Your objective >> Could you retype the entries below exactly, omitting every picture?

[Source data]

--

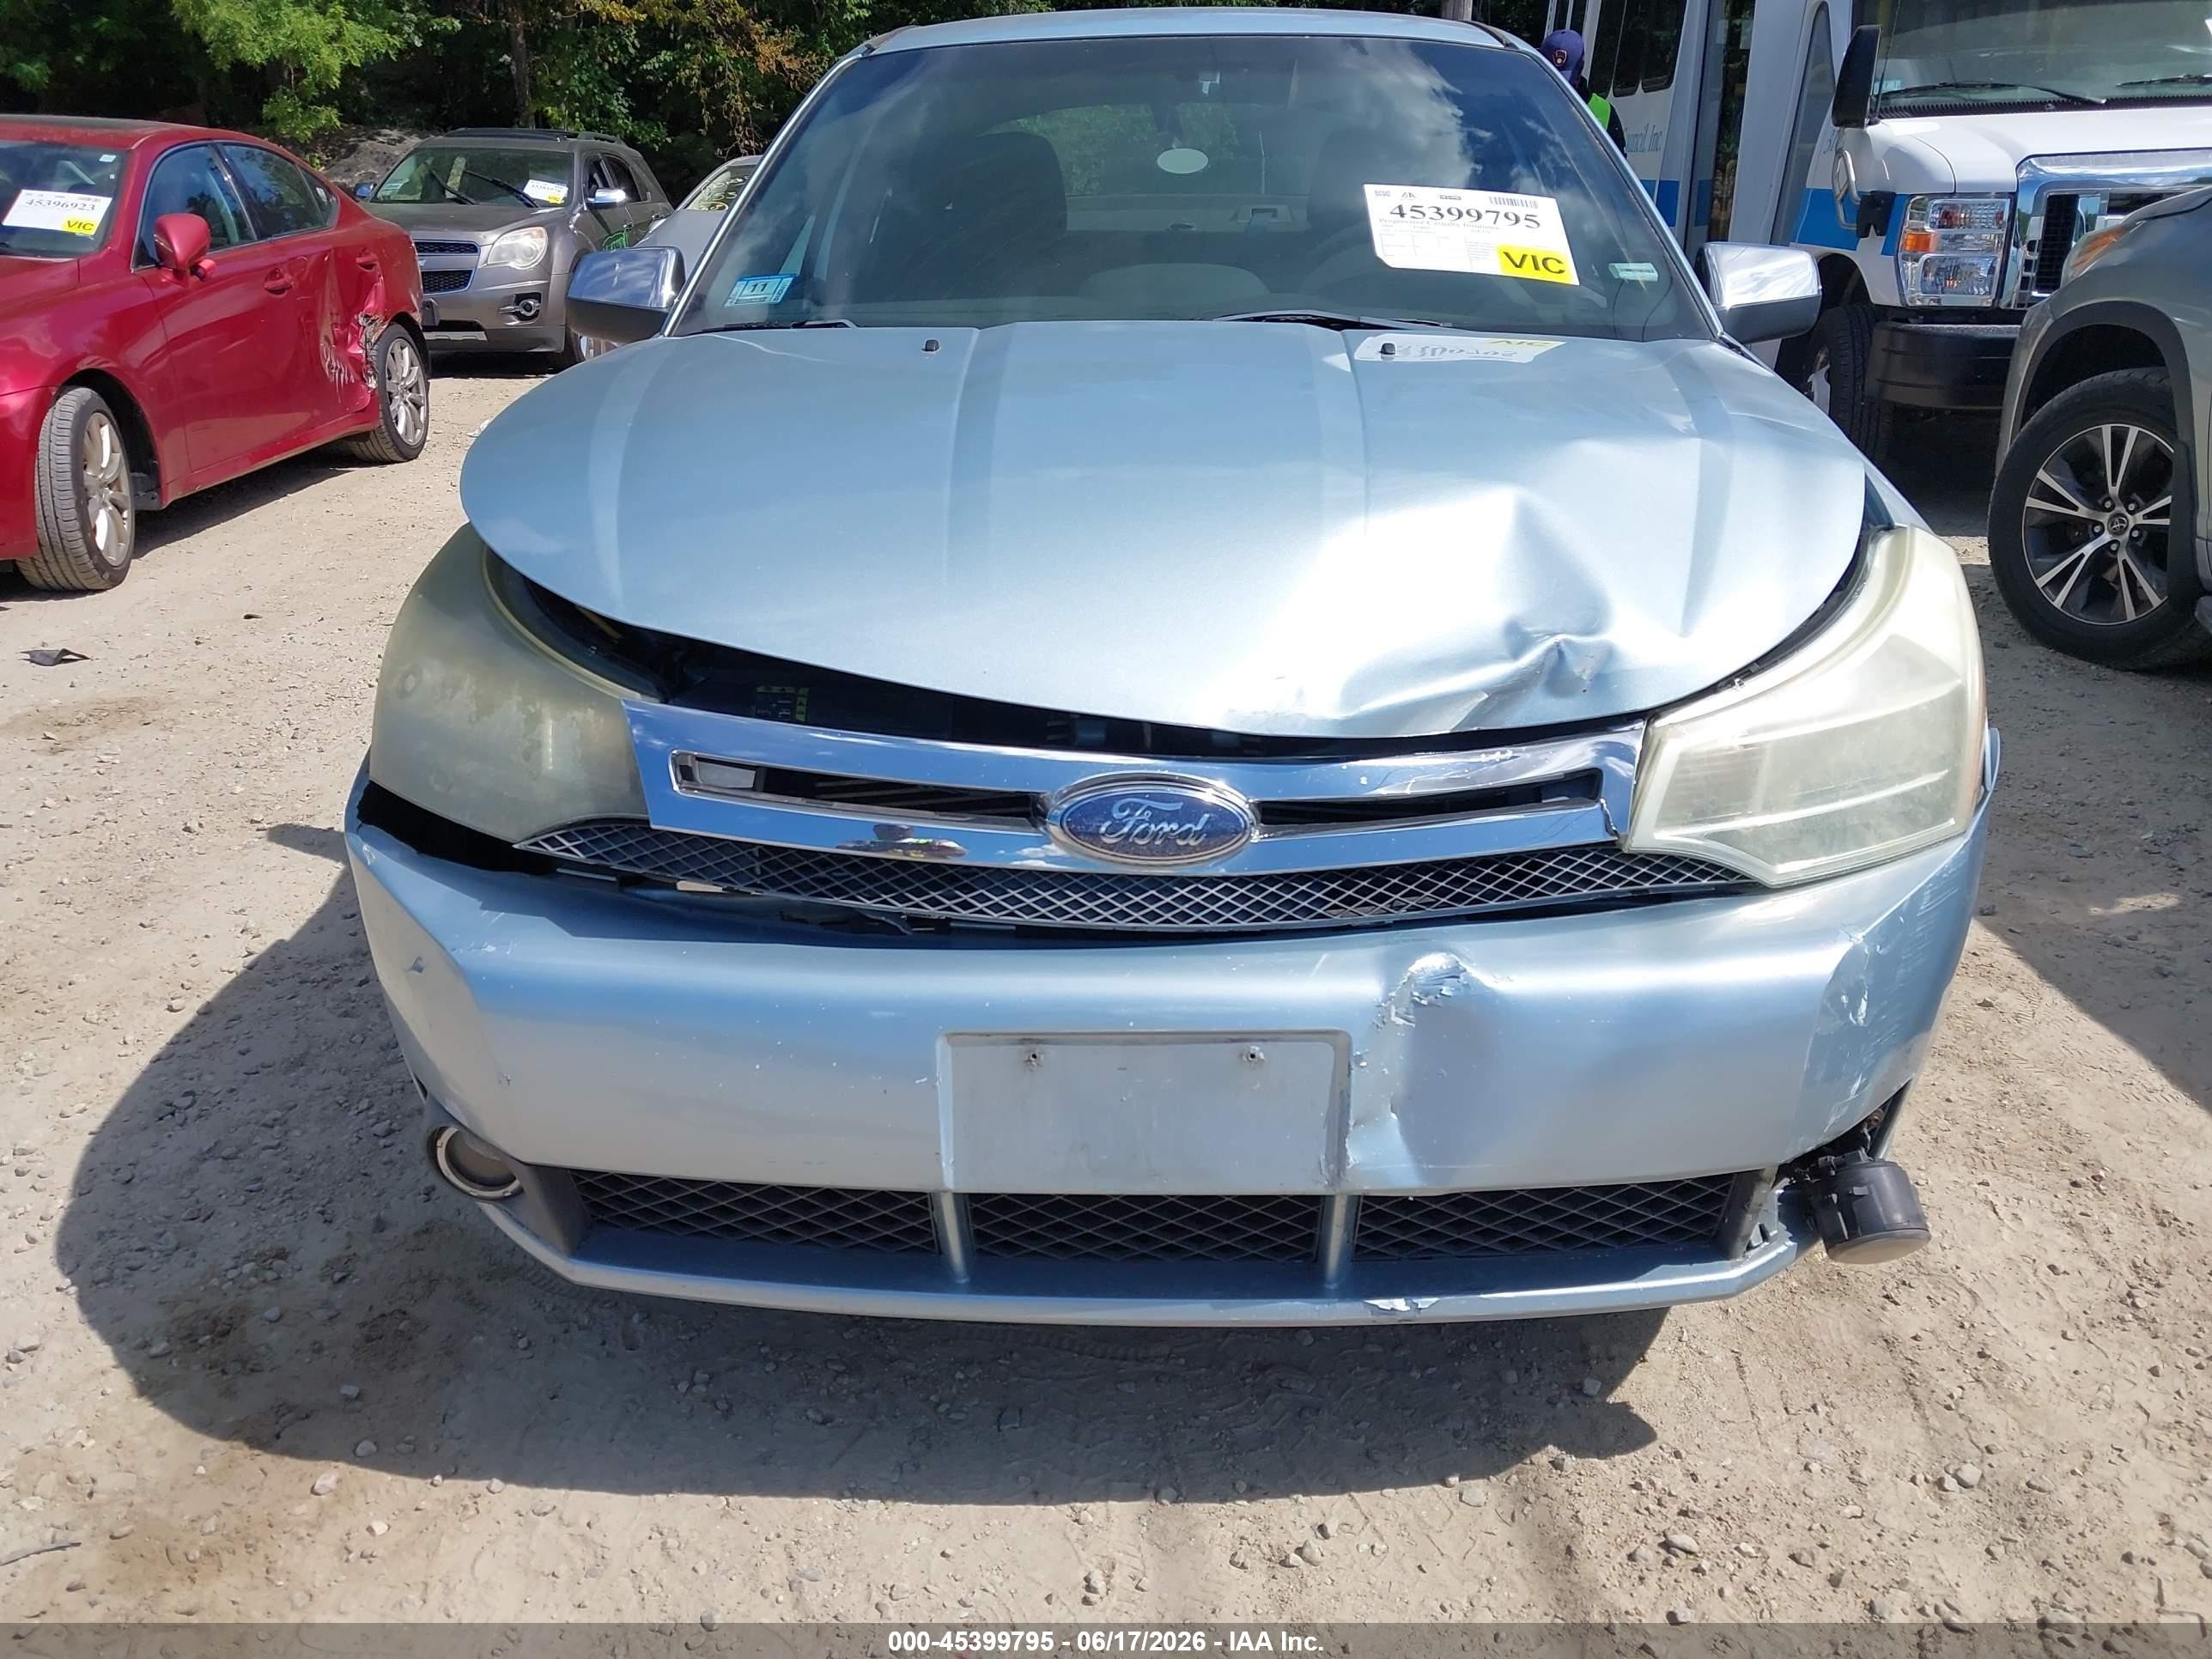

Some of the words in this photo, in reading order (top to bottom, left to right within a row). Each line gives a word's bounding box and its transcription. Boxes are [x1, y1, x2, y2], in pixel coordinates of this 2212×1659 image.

[26, 198, 96, 212] 45396923
[67, 220, 94, 231] VIC
[1389, 204, 1541, 229] 45399795
[1503, 252, 1566, 275] VIC
[750, 283, 769, 294] 11
[1100, 798, 1210, 847] Ford

--

Task answer >>
Some of the words in this photo, in reading order (top to bottom, left to right within a row). Each line gives a word's bounding box and its transcription. Boxes are [x1, y1, x2, y2], in pixel coordinates of this 2212×1659 image.

[26, 198, 96, 212] 45396923
[67, 220, 94, 231] VIC
[1389, 204, 1541, 229] 45399795
[1503, 252, 1566, 275] VIC
[750, 283, 769, 294] 11
[1100, 798, 1210, 847] Ford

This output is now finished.